Without changing anything, transcribe all of the entries.

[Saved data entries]
────────────────

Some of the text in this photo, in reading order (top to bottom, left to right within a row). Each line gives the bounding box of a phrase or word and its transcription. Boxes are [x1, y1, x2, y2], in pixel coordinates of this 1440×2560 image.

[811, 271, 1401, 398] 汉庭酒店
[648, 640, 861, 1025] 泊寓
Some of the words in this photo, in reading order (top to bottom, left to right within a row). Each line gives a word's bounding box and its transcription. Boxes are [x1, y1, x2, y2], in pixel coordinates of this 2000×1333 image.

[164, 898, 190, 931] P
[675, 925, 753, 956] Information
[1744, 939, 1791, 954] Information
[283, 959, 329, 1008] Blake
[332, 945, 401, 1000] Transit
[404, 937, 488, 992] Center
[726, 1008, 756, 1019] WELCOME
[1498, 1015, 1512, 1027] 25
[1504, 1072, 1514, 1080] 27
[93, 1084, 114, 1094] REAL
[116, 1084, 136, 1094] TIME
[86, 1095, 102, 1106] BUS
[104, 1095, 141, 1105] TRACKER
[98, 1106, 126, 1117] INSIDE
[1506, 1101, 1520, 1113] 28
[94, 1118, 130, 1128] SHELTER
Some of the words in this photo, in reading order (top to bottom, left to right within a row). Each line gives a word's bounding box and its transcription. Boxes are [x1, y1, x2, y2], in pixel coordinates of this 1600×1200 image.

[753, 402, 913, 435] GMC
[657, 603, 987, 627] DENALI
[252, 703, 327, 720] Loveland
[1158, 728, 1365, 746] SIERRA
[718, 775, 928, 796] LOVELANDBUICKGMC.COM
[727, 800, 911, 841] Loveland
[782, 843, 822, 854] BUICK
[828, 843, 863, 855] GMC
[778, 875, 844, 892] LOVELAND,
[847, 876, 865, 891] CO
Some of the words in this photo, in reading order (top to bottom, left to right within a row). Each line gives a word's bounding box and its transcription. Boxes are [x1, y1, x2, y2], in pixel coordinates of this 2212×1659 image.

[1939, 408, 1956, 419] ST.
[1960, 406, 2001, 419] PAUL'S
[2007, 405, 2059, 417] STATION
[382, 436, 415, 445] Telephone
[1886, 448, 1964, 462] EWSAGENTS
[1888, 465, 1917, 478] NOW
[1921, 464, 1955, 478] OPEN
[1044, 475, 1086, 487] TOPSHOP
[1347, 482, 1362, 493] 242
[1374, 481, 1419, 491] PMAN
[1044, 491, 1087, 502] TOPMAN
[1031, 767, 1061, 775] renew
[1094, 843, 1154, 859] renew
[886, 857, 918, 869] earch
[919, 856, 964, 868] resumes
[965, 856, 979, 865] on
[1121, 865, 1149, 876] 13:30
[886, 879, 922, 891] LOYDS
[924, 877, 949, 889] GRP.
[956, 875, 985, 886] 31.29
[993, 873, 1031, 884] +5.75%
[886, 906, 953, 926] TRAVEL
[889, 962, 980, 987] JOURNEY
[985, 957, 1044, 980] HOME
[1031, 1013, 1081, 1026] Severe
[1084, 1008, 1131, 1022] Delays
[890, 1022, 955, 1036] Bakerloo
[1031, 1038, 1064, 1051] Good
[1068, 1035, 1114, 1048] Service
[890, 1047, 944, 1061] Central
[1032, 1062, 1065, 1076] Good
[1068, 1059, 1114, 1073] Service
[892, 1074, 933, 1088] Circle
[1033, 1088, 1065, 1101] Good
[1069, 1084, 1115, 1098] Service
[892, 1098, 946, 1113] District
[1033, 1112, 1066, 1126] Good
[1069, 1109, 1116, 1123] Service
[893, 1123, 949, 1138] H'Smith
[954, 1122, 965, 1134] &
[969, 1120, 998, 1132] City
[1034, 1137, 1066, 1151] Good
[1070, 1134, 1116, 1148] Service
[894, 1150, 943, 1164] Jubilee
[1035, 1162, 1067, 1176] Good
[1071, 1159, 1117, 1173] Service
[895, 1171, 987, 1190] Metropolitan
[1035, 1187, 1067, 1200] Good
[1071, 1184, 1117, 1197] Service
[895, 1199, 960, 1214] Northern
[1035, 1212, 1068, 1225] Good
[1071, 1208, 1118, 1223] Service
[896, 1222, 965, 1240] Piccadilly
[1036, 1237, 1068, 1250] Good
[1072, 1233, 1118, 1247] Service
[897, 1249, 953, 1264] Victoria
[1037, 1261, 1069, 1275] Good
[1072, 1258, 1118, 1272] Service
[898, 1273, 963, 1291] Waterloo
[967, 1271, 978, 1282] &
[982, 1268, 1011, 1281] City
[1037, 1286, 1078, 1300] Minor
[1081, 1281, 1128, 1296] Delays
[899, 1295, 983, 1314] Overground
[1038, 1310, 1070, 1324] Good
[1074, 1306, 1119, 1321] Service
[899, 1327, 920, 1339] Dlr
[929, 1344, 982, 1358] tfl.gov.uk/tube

────────────────

— Response below —
Some of the text in this photo, in reading order (top to bottom, left to right within a row). Each line gives the bounding box of a phrase or word and its transcription. Boxes are [x1, y1, x2, y2], in pixel coordinates of this 1440×2560 image.

[811, 271, 1401, 398] 汉庭酒店
[648, 640, 861, 1025] 泊寓
Some of the words in this photo, in reading order (top to bottom, left to right within a row). Each line gives a word's bounding box and its transcription. Boxes are [x1, y1, x2, y2], in pixel coordinates of this 2000×1333 image.

[164, 898, 190, 931] P
[675, 925, 753, 956] Information
[1744, 939, 1791, 954] Information
[283, 959, 329, 1008] Blake
[332, 945, 401, 1000] Transit
[404, 937, 488, 992] Center
[726, 1008, 756, 1019] WELCOME
[1498, 1015, 1512, 1027] 25
[1504, 1072, 1514, 1080] 27
[93, 1084, 114, 1094] REAL
[116, 1084, 136, 1094] TIME
[86, 1095, 102, 1106] BUS
[104, 1095, 141, 1105] TRACKER
[98, 1106, 126, 1117] INSIDE
[1506, 1101, 1520, 1113] 28
[94, 1118, 130, 1128] SHELTER
Some of the words in this photo, in reading order (top to bottom, left to right within a row). Each line gives a word's bounding box and its transcription. Boxes are [x1, y1, x2, y2], in pixel coordinates of this 1600×1200 image.

[753, 402, 913, 435] GMC
[657, 603, 987, 627] DENALI
[252, 703, 327, 720] Loveland
[1158, 728, 1365, 746] SIERRA
[718, 775, 928, 796] LOVELANDBUICKGMC.COM
[727, 800, 911, 841] Loveland
[782, 843, 822, 854] BUICK
[828, 843, 863, 855] GMC
[778, 875, 844, 892] LOVELAND,
[847, 876, 865, 891] CO
Some of the words in this photo, in reading order (top to bottom, left to right within a row). Each line gives a word's bounding box and its transcription. Boxes are [x1, y1, x2, y2], in pixel coordinates of this 2212×1659 image.

[1939, 408, 1956, 419] ST.
[1960, 406, 2001, 419] PAUL'S
[2007, 405, 2059, 417] STATION
[382, 436, 415, 445] Telephone
[1886, 448, 1964, 462] EWSAGENTS
[1888, 465, 1917, 478] NOW
[1921, 464, 1955, 478] OPEN
[1044, 475, 1086, 487] TOPSHOP
[1347, 482, 1362, 493] 242
[1374, 481, 1419, 491] PMAN
[1044, 491, 1087, 502] TOPMAN
[1031, 767, 1061, 775] renew
[1094, 843, 1154, 859] renew
[886, 857, 918, 869] earch
[919, 856, 964, 868] resumes
[965, 856, 979, 865] on
[1121, 865, 1149, 876] 13:30
[886, 879, 922, 891] LOYDS
[924, 877, 949, 889] GRP.
[956, 875, 985, 886] 31.29
[993, 873, 1031, 884] +5.75%
[886, 906, 953, 926] TRAVEL
[889, 962, 980, 987] JOURNEY
[985, 957, 1044, 980] HOME
[1031, 1013, 1081, 1026] Severe
[1084, 1008, 1131, 1022] Delays
[890, 1022, 955, 1036] Bakerloo
[1031, 1038, 1064, 1051] Good
[1068, 1035, 1114, 1048] Service
[890, 1047, 944, 1061] Central
[1032, 1062, 1065, 1076] Good
[1068, 1059, 1114, 1073] Service
[892, 1074, 933, 1088] Circle
[1033, 1088, 1065, 1101] Good
[1069, 1084, 1115, 1098] Service
[892, 1098, 946, 1113] District
[1033, 1112, 1066, 1126] Good
[1069, 1109, 1116, 1123] Service
[893, 1123, 949, 1138] H'Smith
[954, 1122, 965, 1134] &
[969, 1120, 998, 1132] City
[1034, 1137, 1066, 1151] Good
[1070, 1134, 1116, 1148] Service
[894, 1150, 943, 1164] Jubilee
[1035, 1162, 1067, 1176] Good
[1071, 1159, 1117, 1173] Service
[895, 1171, 987, 1190] Metropolitan
[1035, 1187, 1067, 1200] Good
[1071, 1184, 1117, 1197] Service
[895, 1199, 960, 1214] Northern
[1035, 1212, 1068, 1225] Good
[1071, 1208, 1118, 1223] Service
[896, 1222, 965, 1240] Piccadilly
[1036, 1237, 1068, 1250] Good
[1072, 1233, 1118, 1247] Service
[897, 1249, 953, 1264] Victoria
[1037, 1261, 1069, 1275] Good
[1072, 1258, 1118, 1272] Service
[898, 1273, 963, 1291] Waterloo
[967, 1271, 978, 1282] &
[982, 1268, 1011, 1281] City
[1037, 1286, 1078, 1300] Minor
[1081, 1281, 1128, 1296] Delays
[899, 1295, 983, 1314] Overground
[1038, 1310, 1070, 1324] Good
[1074, 1306, 1119, 1321] Service
[899, 1327, 920, 1339] Dlr
[929, 1344, 982, 1358] tfl.gov.uk/tube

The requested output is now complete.